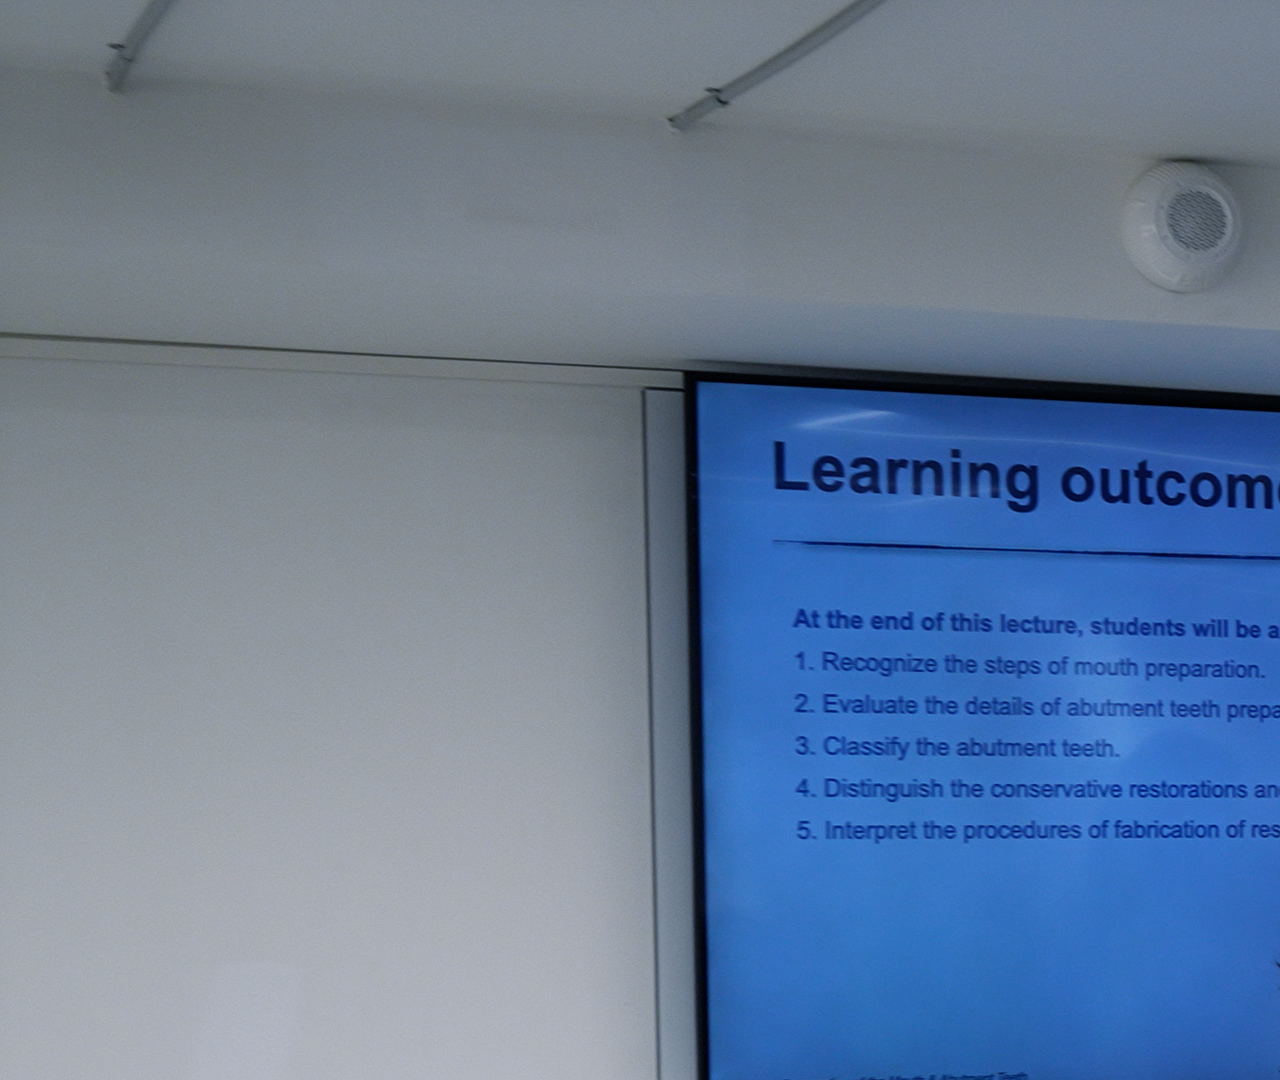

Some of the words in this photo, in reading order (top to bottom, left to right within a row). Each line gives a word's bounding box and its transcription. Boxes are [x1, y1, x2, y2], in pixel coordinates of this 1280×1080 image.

[771, 440, 1039, 513] Learning
[792, 608, 821, 629] At
[825, 609, 864, 629] the
[869, 611, 914, 630] end
[920, 612, 947, 631] of
[950, 612, 993, 632] this
[999, 614, 1083, 638] lecture,
[1090, 617, 1186, 637] students
[1191, 619, 1229, 638] will
[1235, 619, 1262, 638] be
[794, 651, 815, 671] 1.
[822, 651, 938, 677] Recognize
[943, 654, 978, 674] the
[984, 656, 1042, 679] steps
[1047, 656, 1070, 675] of
[1074, 658, 1139, 676] mouth
[1145, 659, 1266, 682] preparation.
[794, 693, 815, 713] 2.
[822, 693, 919, 714] Evaluate
[924, 695, 959, 715] the
[964, 696, 1035, 716] details
[1040, 697, 1062, 716] of
[1066, 697, 1165, 717] abutment
[1169, 699, 1221, 718] teeth
[795, 736, 816, 755] 3.
[823, 736, 911, 761] Classify
[915, 737, 950, 756] the
[956, 737, 1057, 757] abutment
[1061, 739, 1120, 757] teeth.
[795, 778, 817, 798] 4.
[823, 778, 944, 803] Distinguish
[949, 779, 985, 798] the
[990, 779, 1123, 798] conservative
[1129, 780, 1248, 798] restorations
[796, 820, 817, 840] 5.
[825, 820, 917, 844] Interpret
[922, 820, 957, 840] the
[963, 820, 1082, 844] procedures
[1088, 820, 1109, 839] of
[1113, 820, 1221, 839] fabrication
[1225, 819, 1247, 838] of

YOUR INSTRUCTIONS
Copy the whole of the material above exactly, but not its images.

RESULT FOR THIS TASK
Some of the words in this photo, in reading order (top to bottom, left to right within a row). Each line gives a word's bounding box and its transcription. Boxes are [x1, y1, x2, y2], in pixel coordinates of this 1280×1080 image.

[771, 440, 1039, 513] Learning
[792, 608, 821, 629] At
[825, 609, 864, 629] the
[869, 611, 914, 630] end
[920, 612, 947, 631] of
[950, 612, 993, 632] this
[999, 614, 1083, 638] lecture,
[1090, 617, 1186, 637] students
[1191, 619, 1229, 638] will
[1235, 619, 1262, 638] be
[794, 651, 815, 671] 1.
[822, 651, 938, 677] Recognize
[943, 654, 978, 674] the
[984, 656, 1042, 679] steps
[1047, 656, 1070, 675] of
[1074, 658, 1139, 676] mouth
[1145, 659, 1266, 682] preparation.
[794, 693, 815, 713] 2.
[822, 693, 919, 714] Evaluate
[924, 695, 959, 715] the
[964, 696, 1035, 716] details
[1040, 697, 1062, 716] of
[1066, 697, 1165, 717] abutment
[1169, 699, 1221, 718] teeth
[795, 736, 816, 755] 3.
[823, 736, 911, 761] Classify
[915, 737, 950, 756] the
[956, 737, 1057, 757] abutment
[1061, 739, 1120, 757] teeth.
[795, 778, 817, 798] 4.
[823, 778, 944, 803] Distinguish
[949, 779, 985, 798] the
[990, 779, 1123, 798] conservative
[1129, 780, 1248, 798] restorations
[796, 820, 817, 840] 5.
[825, 820, 917, 844] Interpret
[922, 820, 957, 840] the
[963, 820, 1082, 844] procedures
[1088, 820, 1109, 839] of
[1113, 820, 1221, 839] fabrication
[1225, 819, 1247, 838] of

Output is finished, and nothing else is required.